After the coronavirus outbreak ground production to a halt in China and subsequently, around the world, businesses everywhere watched their supply chains flail—and in some cases disintegrate.

Moving forward, 56 percent of chief financial officers say they will adjust their supply chains by developing alternate sourcing options, according to a PwC survey. Fifty-four percent say they will take steps to better understand the financial and operational health of their suppliers.

Even if your small business doesn't rely on Chinese-made goods, you may need to take a close look at your suppliers and vendors. Some of them may rely on products from regions that have been hit hard by the pandemic, or they may be struggling to stay afloat during or after prolonged periods of business shutdowns.

Start by taking these steps:

Check in with all suppliers

Say your restaurant depends on a craft beer distributor, but all his clients have retooled their breweries to produce hand sanitizer instead of beer for the past month. He may not be able to fill the giant order you were planning to place to gear up for a grand reopening.

Have a conversation with each supplier to find out what they are able to provide and when, so you can better plan for your own reopening.

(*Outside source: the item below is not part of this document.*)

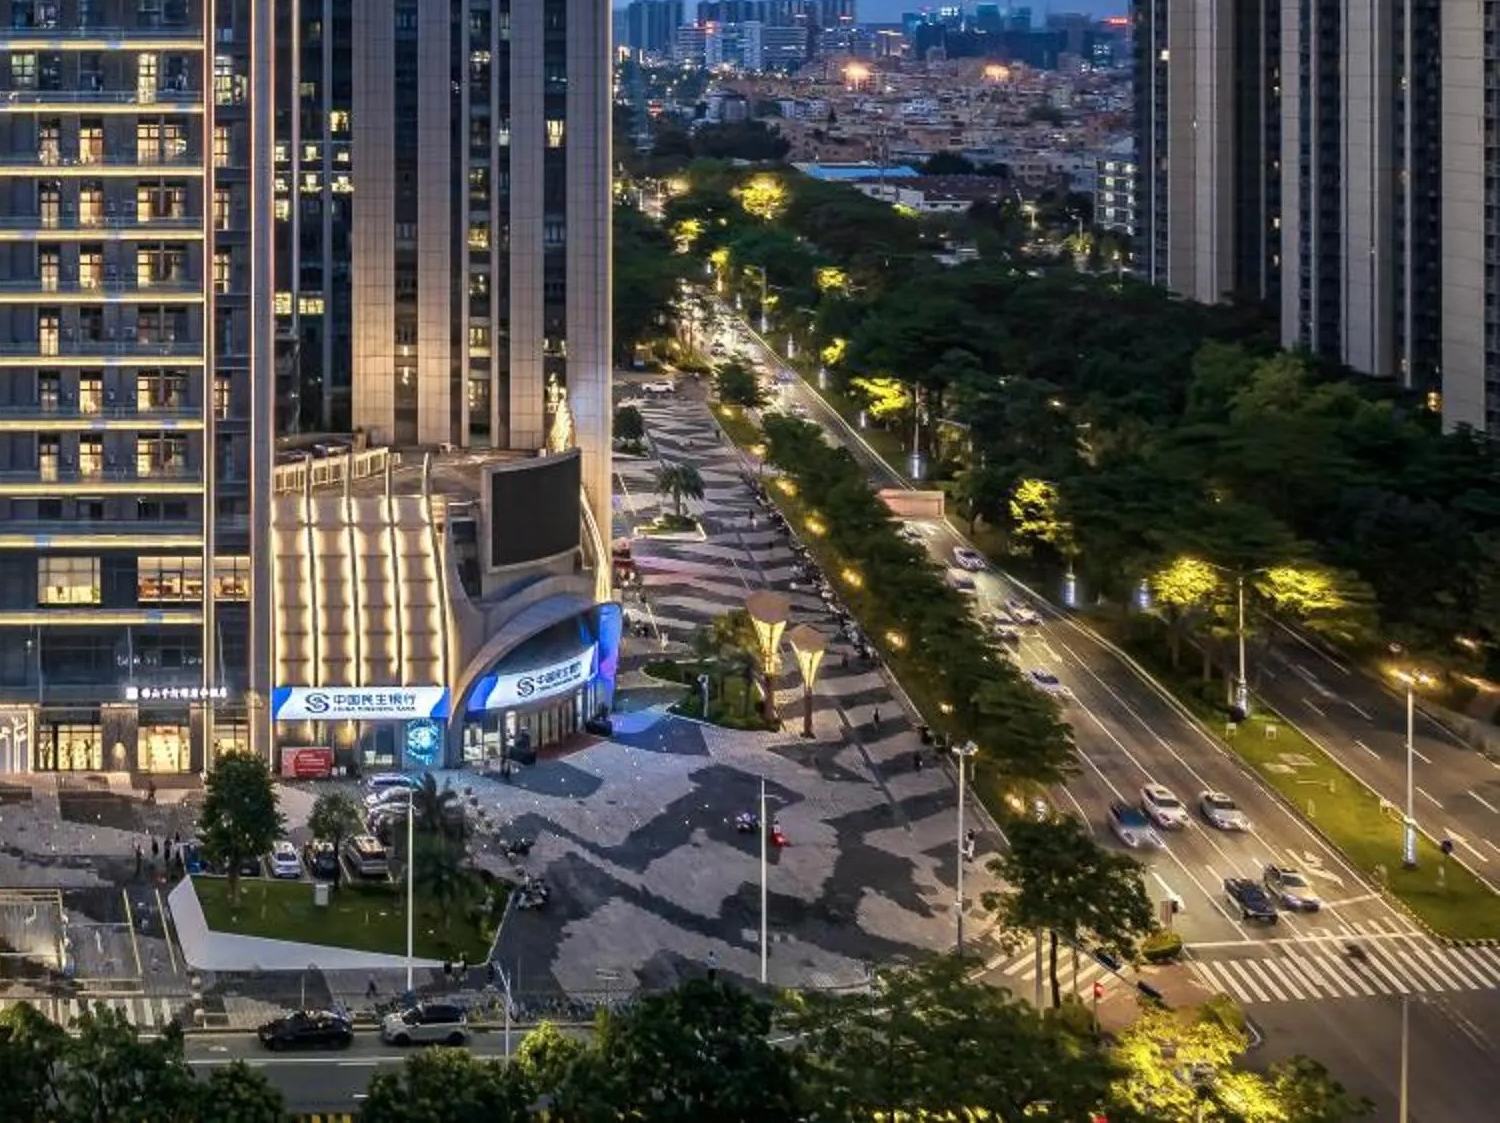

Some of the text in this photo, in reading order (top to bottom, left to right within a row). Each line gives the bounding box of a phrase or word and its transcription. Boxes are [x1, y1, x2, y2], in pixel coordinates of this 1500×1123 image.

[333, 692, 417, 706] 中国民生银行
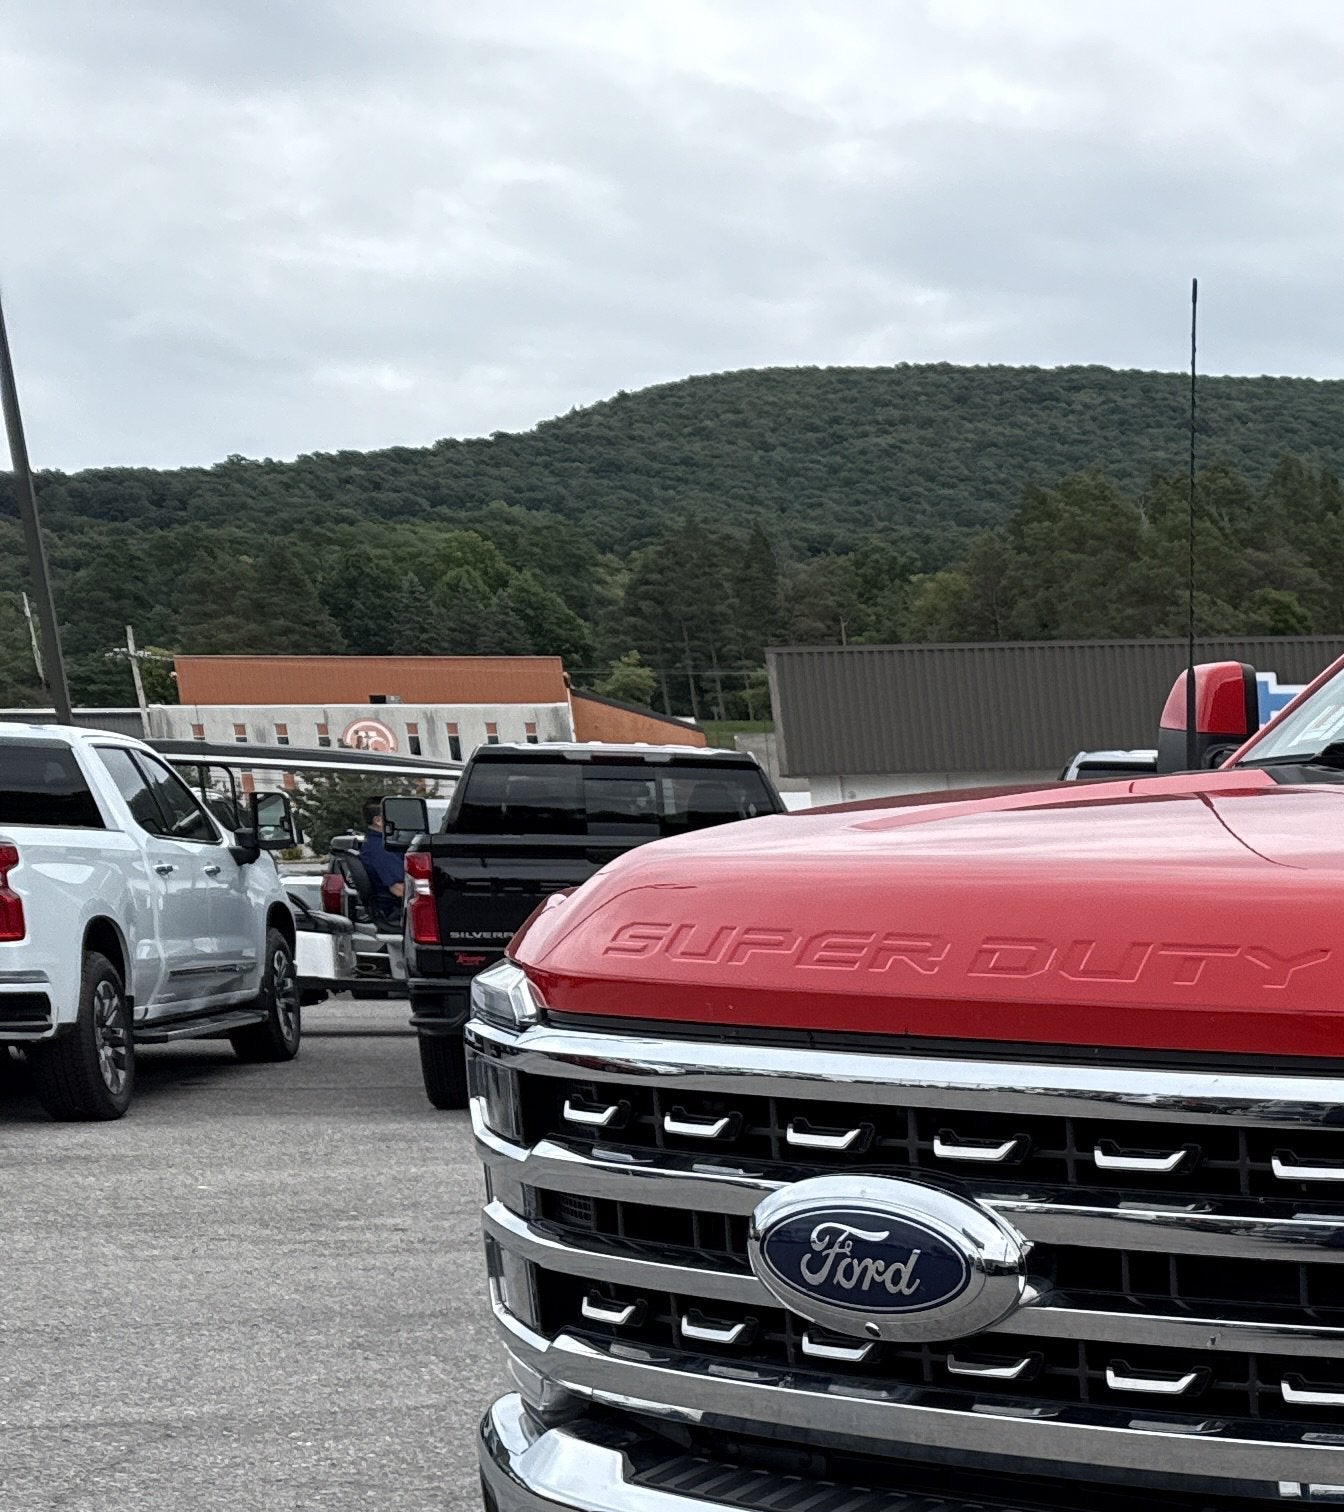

Consider diversifying your supply chain

If you normally rely on suppliers from a specific region of the world or the country, it may be time to build relationships with backup providers. Even if your regular suppliers in China, Italy, or New York are now back in business, seeking out additional resources can help ensure you'll be prepared for the next crisis.

Look for ways to automate the process

Cloud-based supply chain software programs can alert you when supplies are low in certain locations and suggest alternative vendors. They can also track shipments automatically and help you increase ongoing communication with suppliers so you can better understand their ability—or lack of ability—to meet your needs on your timeline.

Make your business attractive to new suppliers

If you want to build an arsenal of new suppliers that can help you drive your business to new heights, make sure you can be the type of partner those suppliers will want. For instance, if your cash flow is low, you might consider opening a business line of credit or other financing so you can offer cash deposits or pay vendors quickly or in advance for first orders. The ability to get paid quickly is always attractive to a vendor, but especially in uncertain times.